Mesoporous Multiproton Ionic Liquid Hybrid Adsorbents for Facilitating NH3 Separation

Abstract

Ionic liquids (ILs), as promising candidates for ammonia (NH3) separation and recovery, have attracted extensive attention due to their extremely low pressures, high gas affinity, and adjustable structures. However, the development of new absorbents or adsorbents for highly efficient, fast, and reversible separation is still a great challenge. In this work, multiproton ILs (MPILs) by simultaneously introducing two or more −H, −OH, or −SO3H sites into the cations were designed to enhance NH3 uptake, and the MPIL N,N,N′,N′-tetrakis (2-hydroxyethyl)ethylenediamine trifluoromethane sulfonate ([EdteH6][TfO]2) with four −OH and two −H sites exhibited a superhigh capacity of 5.08 mol NH3·(mol IL)−1 at 40 °C and 1 bar.

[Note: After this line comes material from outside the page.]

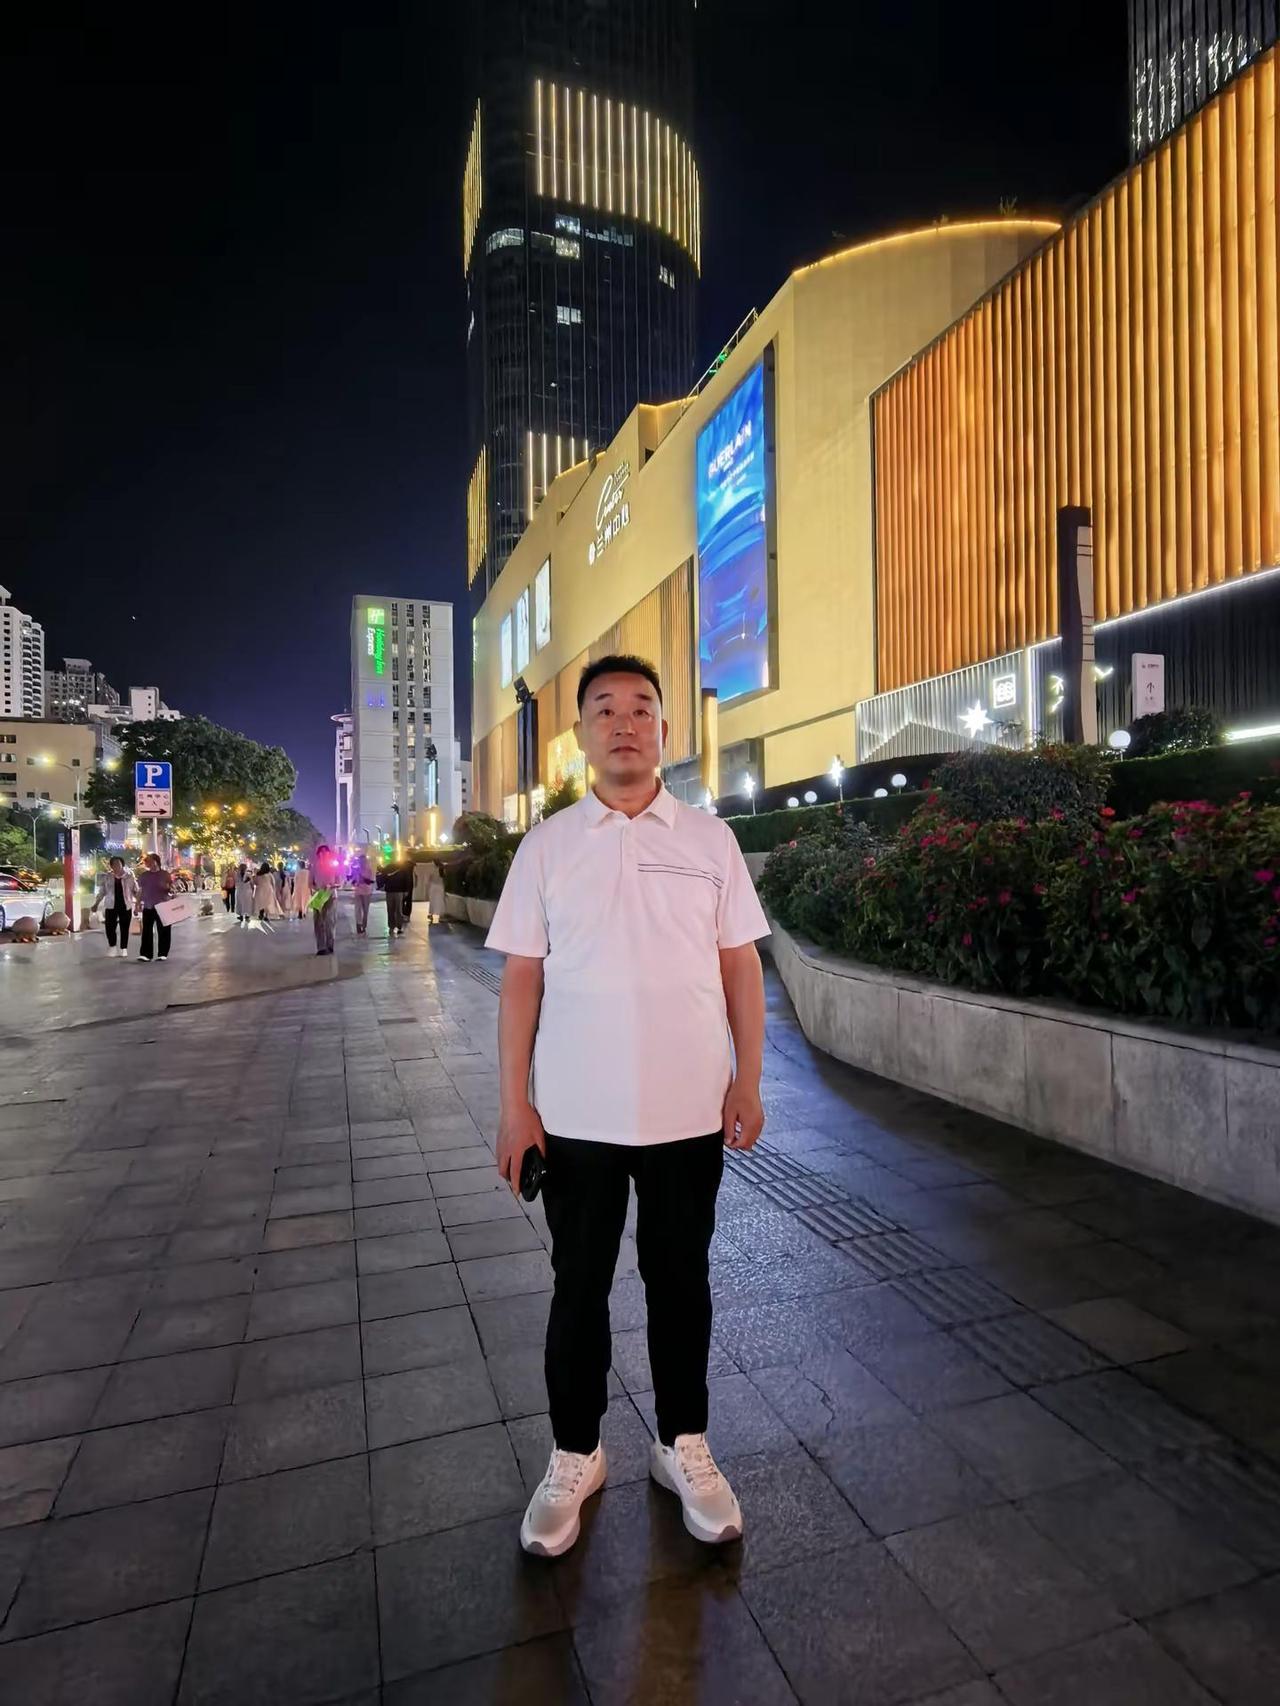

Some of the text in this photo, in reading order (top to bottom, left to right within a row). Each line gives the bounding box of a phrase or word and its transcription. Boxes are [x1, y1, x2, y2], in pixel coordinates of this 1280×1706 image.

[367, 627, 375, 656] Express
[374, 628, 385, 674] Holiday Inn
[144, 764, 163, 787] P
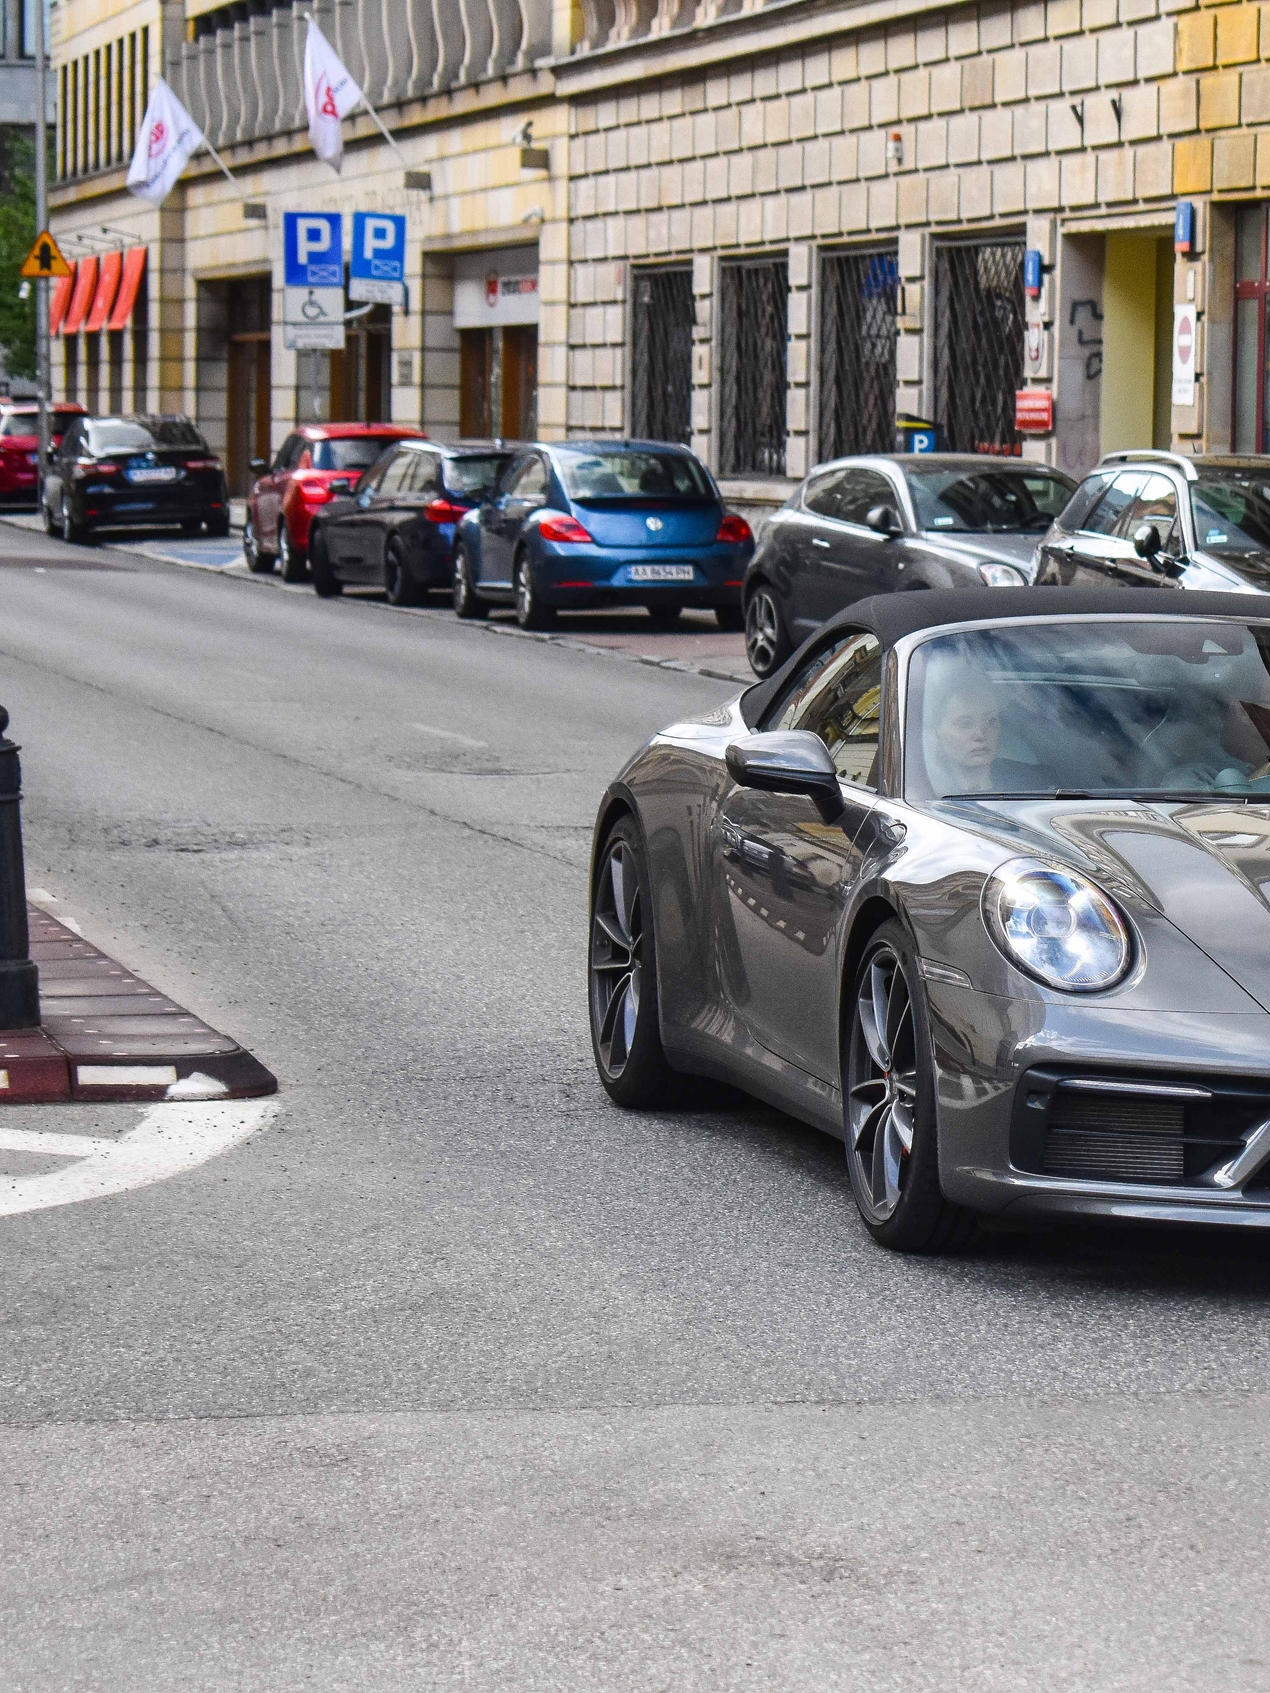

To solve the slow gas–liquid mass transfer due to the high viscosity of MPILs, the designed MPILs were highly dispersed onto the molecular sieve HZSM-5 with abundant pore structures to prepare a series of porous MPIL-based hybrid adsorbents for NH3 adsorption. The highest capacity of 140.42 mg NH3·(g adsorbent)−1 at 30 °C and 1 bar was achieved by 60 wt % [EdteH6][TfO]2@HZSM-5-60 (HZ60) due to multiple hydrogen bonding and mesopore effects, which is superior to all of the nonmetal IL-based adsorbents reported to date. Meanwhile, the 60 wt % [EdteH6][TfO]2@HZ60 also exhibited high NH3/CO2 and NH3/N2 selectivities, which are almost 16 and 14 times greater than that of pure HZ60, respectively, along with excellent reversibility. This work provides a feasible way to design novel porous IL-based adsorbents for gas separation and recovery.